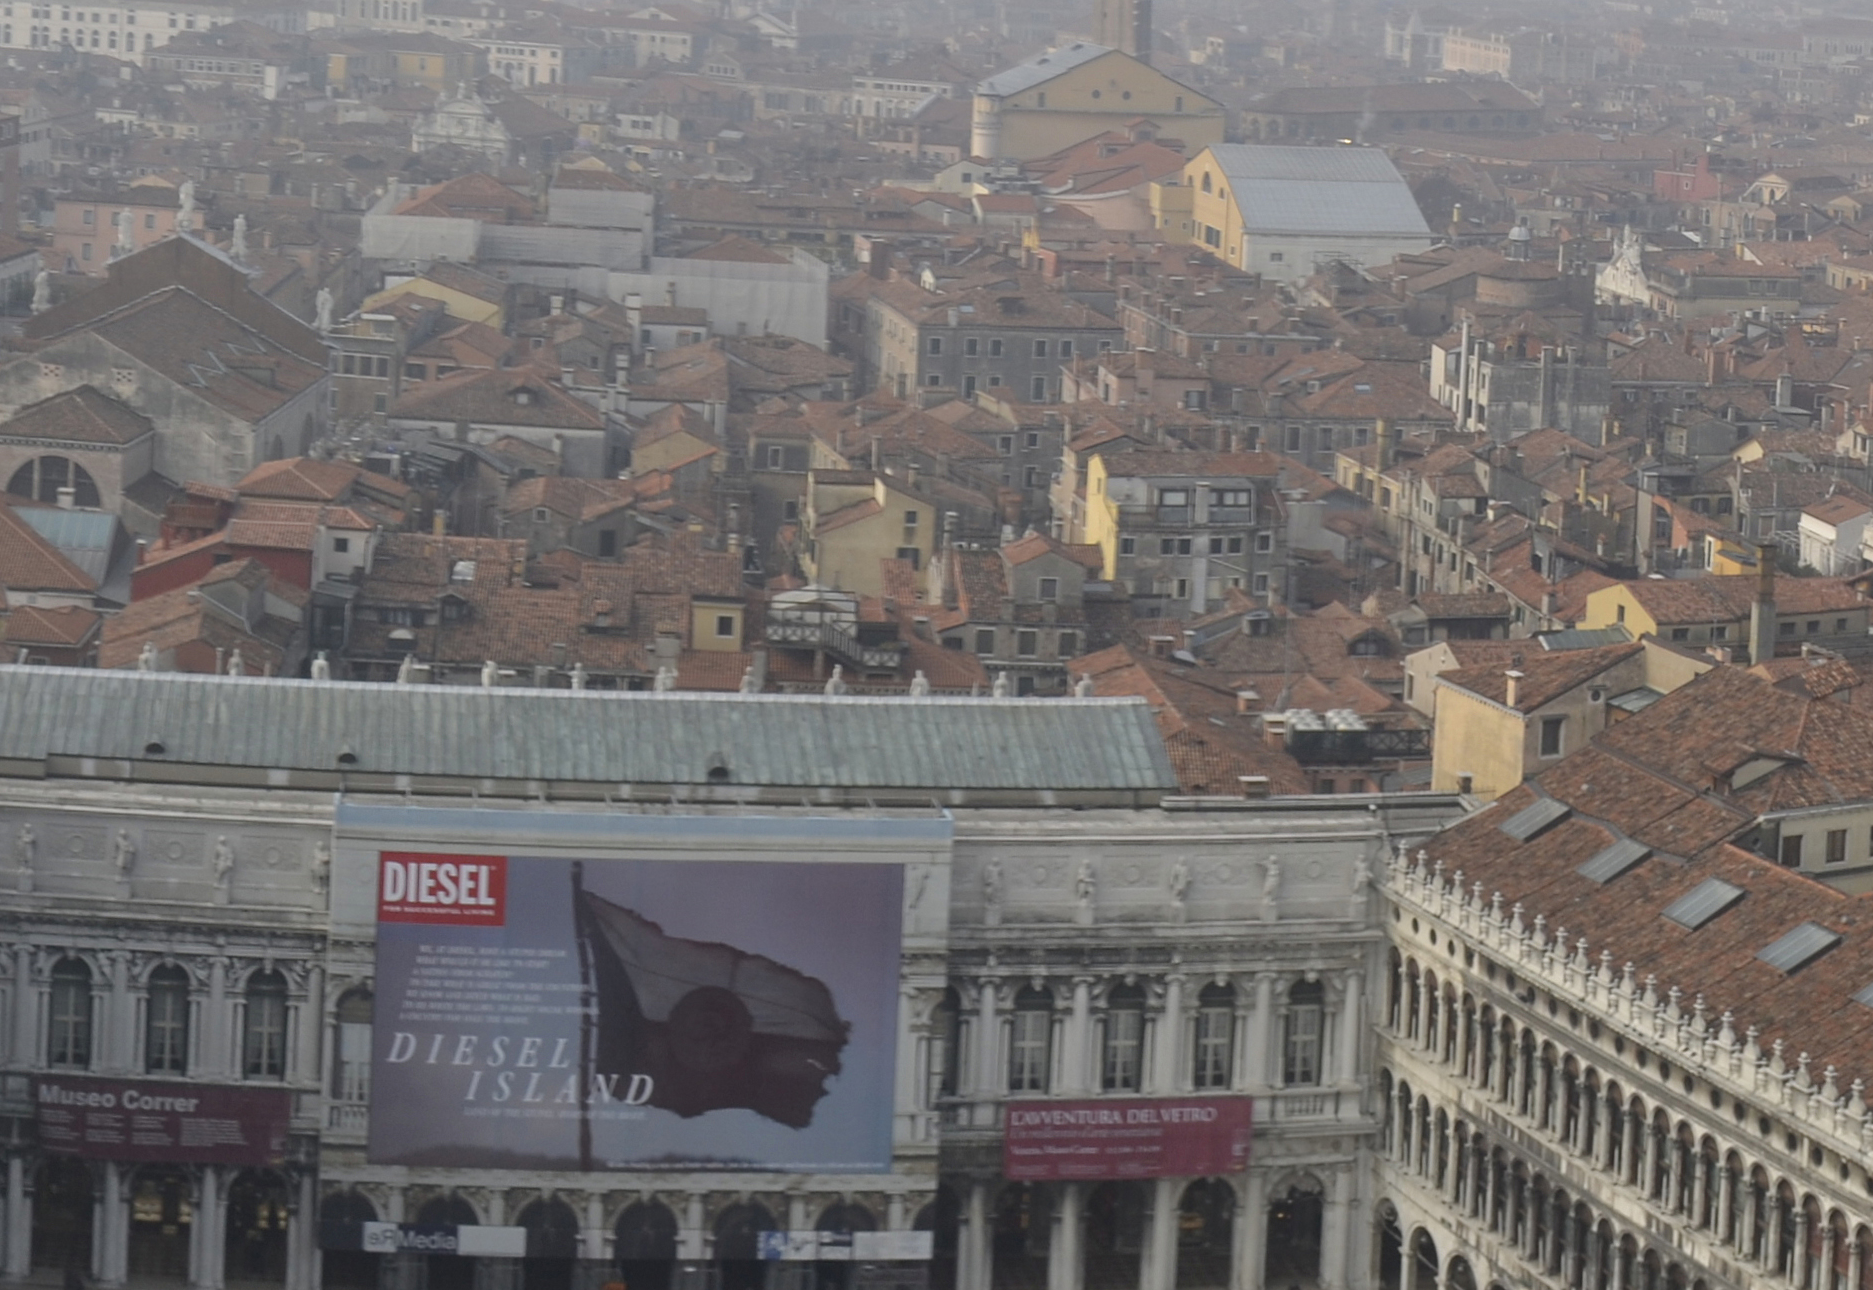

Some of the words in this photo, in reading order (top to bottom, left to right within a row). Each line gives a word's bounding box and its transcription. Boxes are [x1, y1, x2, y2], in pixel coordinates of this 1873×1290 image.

[383, 861, 496, 906] DIESEL
[385, 1031, 570, 1069] DIESEL
[38, 1083, 116, 1109] Museo
[121, 1089, 201, 1113] Correr
[463, 1070, 655, 1106] ISLAND
[1126, 1108, 1161, 1125] DEL
[1159, 1106, 1218, 1123] VETRO
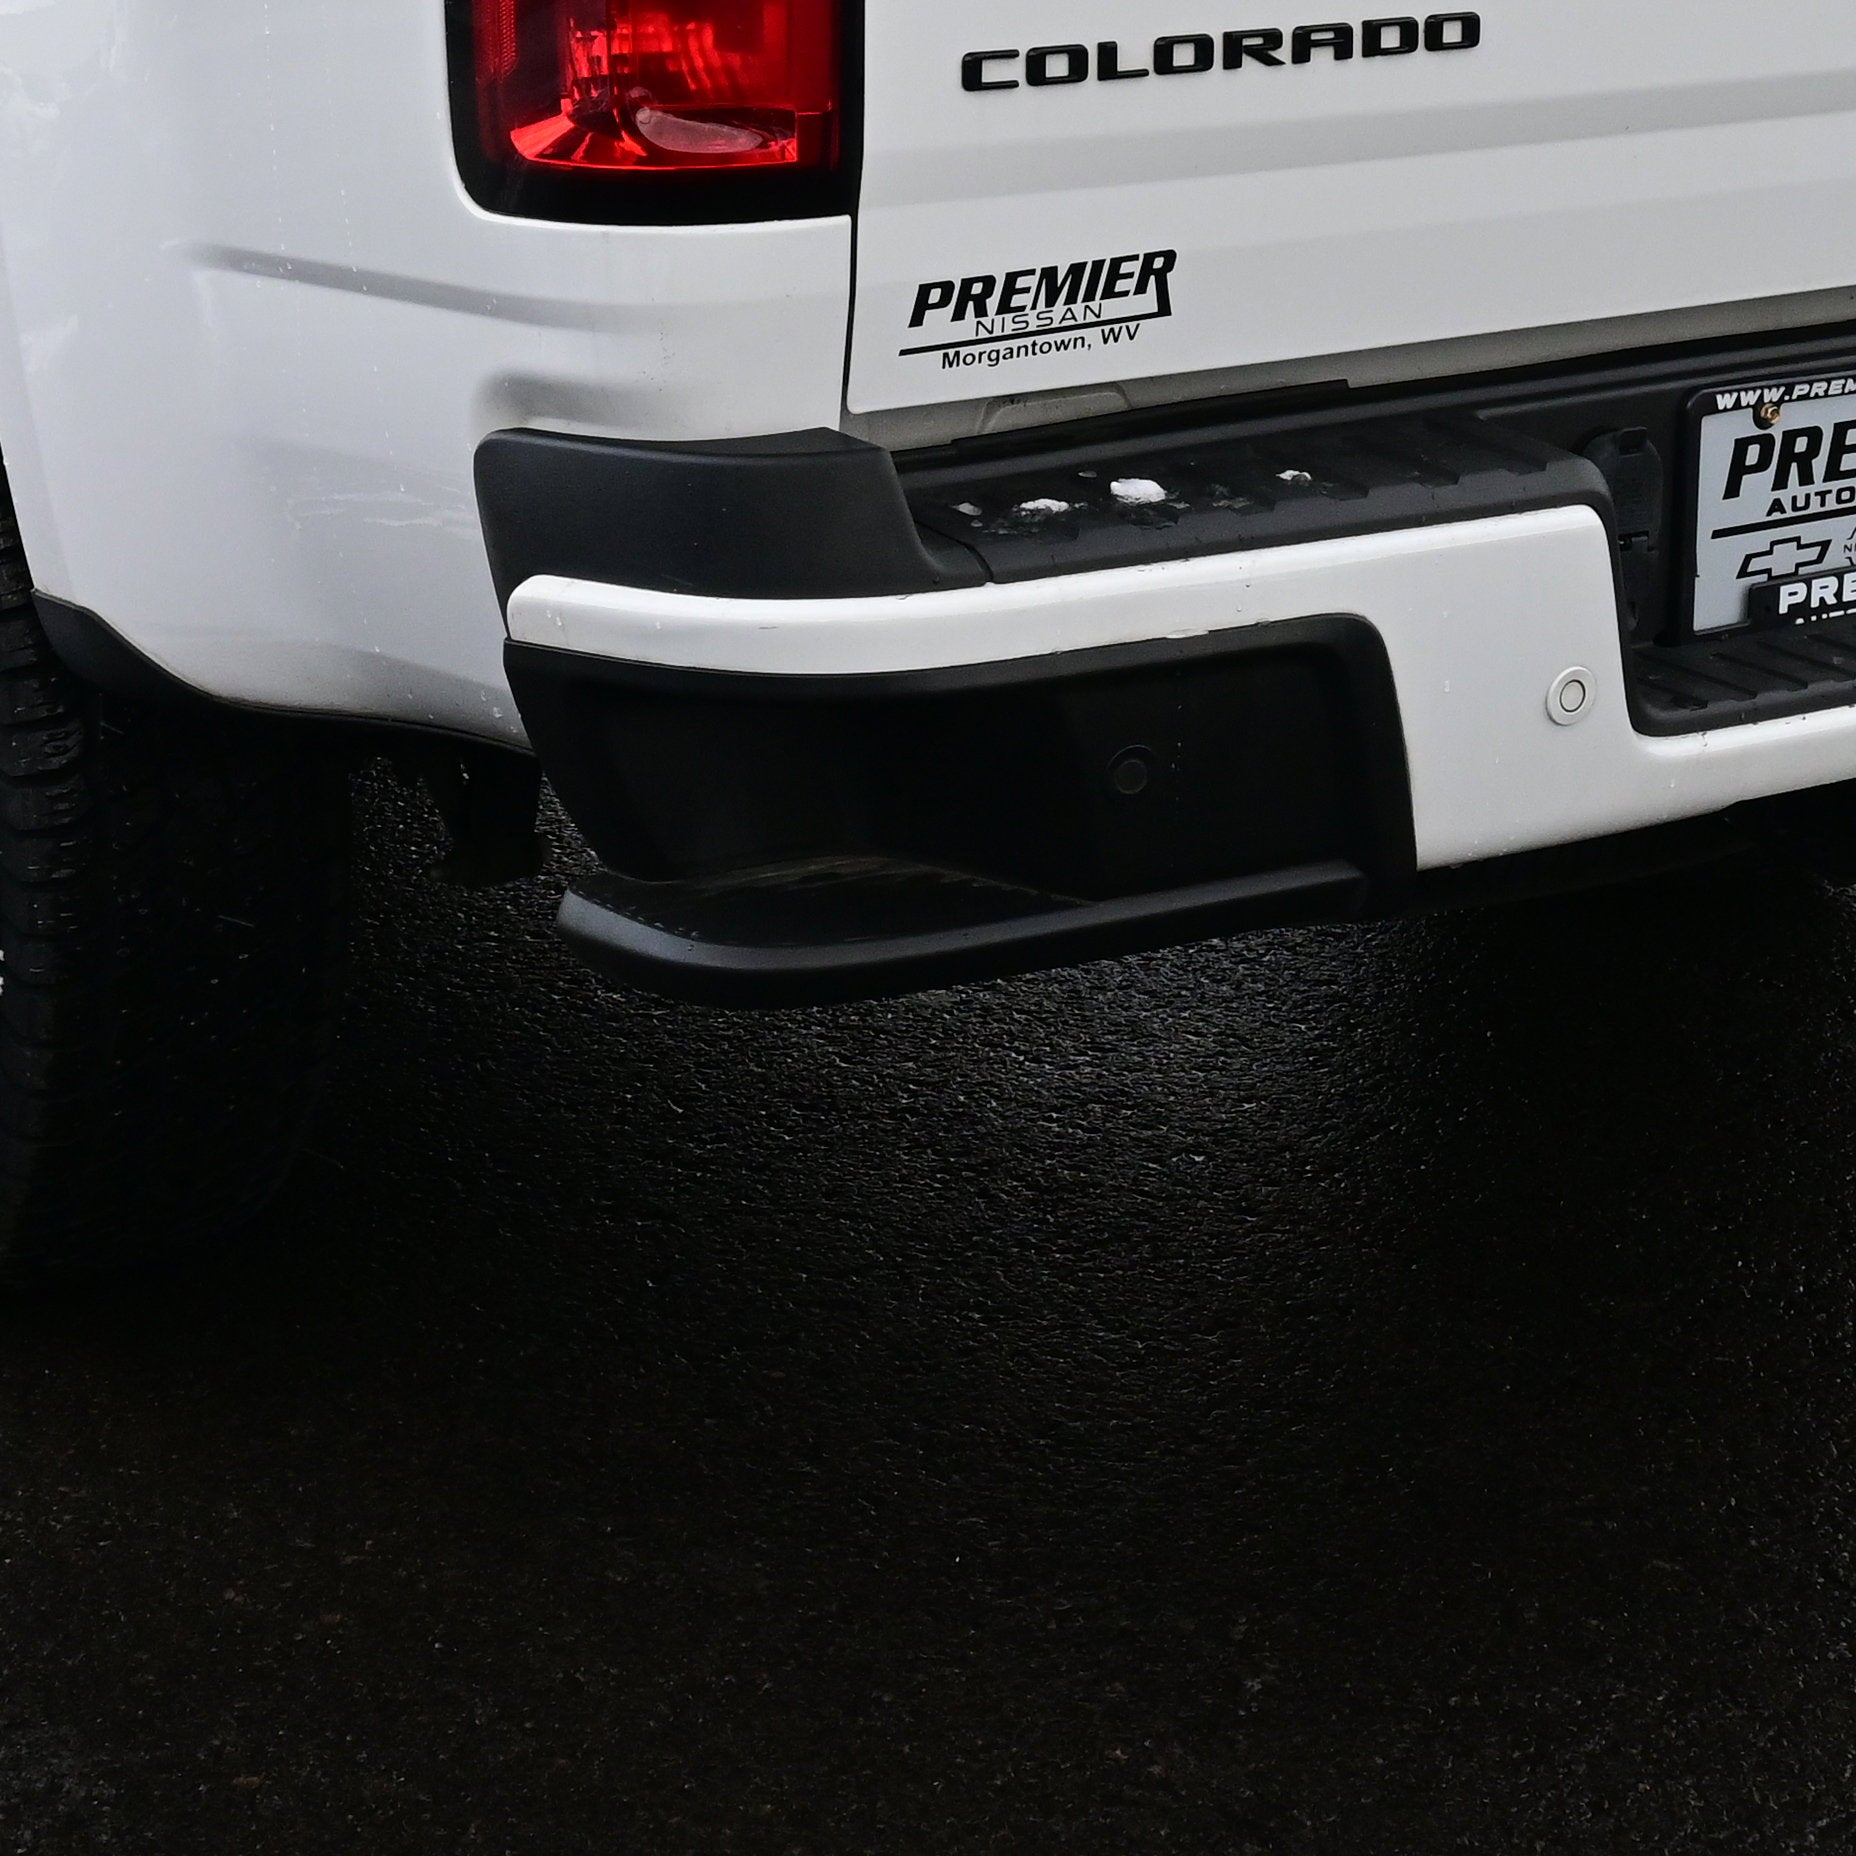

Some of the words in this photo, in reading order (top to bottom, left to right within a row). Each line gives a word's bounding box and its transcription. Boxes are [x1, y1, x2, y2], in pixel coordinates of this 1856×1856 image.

[961, 11, 1481, 92] COLORADO
[907, 249, 1177, 328] PREMIER
[975, 302, 1102, 337] NISSAN
[942, 333, 1091, 369] Morgantown,
[1101, 323, 1140, 345] WV
[1766, 485, 1856, 517] AUTO

^^^^^^^^^^^^^^^^

> YOUR TASK
A word-for-word repetition of the data above, without pictures, is the expected answer.

> ANSWER TO THIS PROBLEM
Some of the words in this photo, in reading order (top to bottom, left to right within a row). Each line gives a word's bounding box and its transcription. Boxes are [x1, y1, x2, y2], in pixel coordinates of this 1873×1290 image.

[383, 861, 496, 906] DIESEL
[385, 1031, 570, 1069] DIESEL
[38, 1083, 116, 1109] Museo
[121, 1089, 201, 1113] Correr
[463, 1070, 655, 1106] ISLAND
[1126, 1108, 1161, 1125] DEL
[1159, 1106, 1218, 1123] VETRO

Some of the words in this photo, in reading order (top to bottom, left to right within a row). Each line gives a word's bounding box and its transcription. Boxes are [x1, y1, x2, y2], in pixel coordinates of this 1856×1856 image.

[961, 11, 1481, 92] COLORADO
[907, 249, 1177, 328] PREMIER
[975, 302, 1102, 337] NISSAN
[942, 333, 1091, 369] Morgantown,
[1101, 323, 1140, 345] WV
[1766, 485, 1856, 517] AUTO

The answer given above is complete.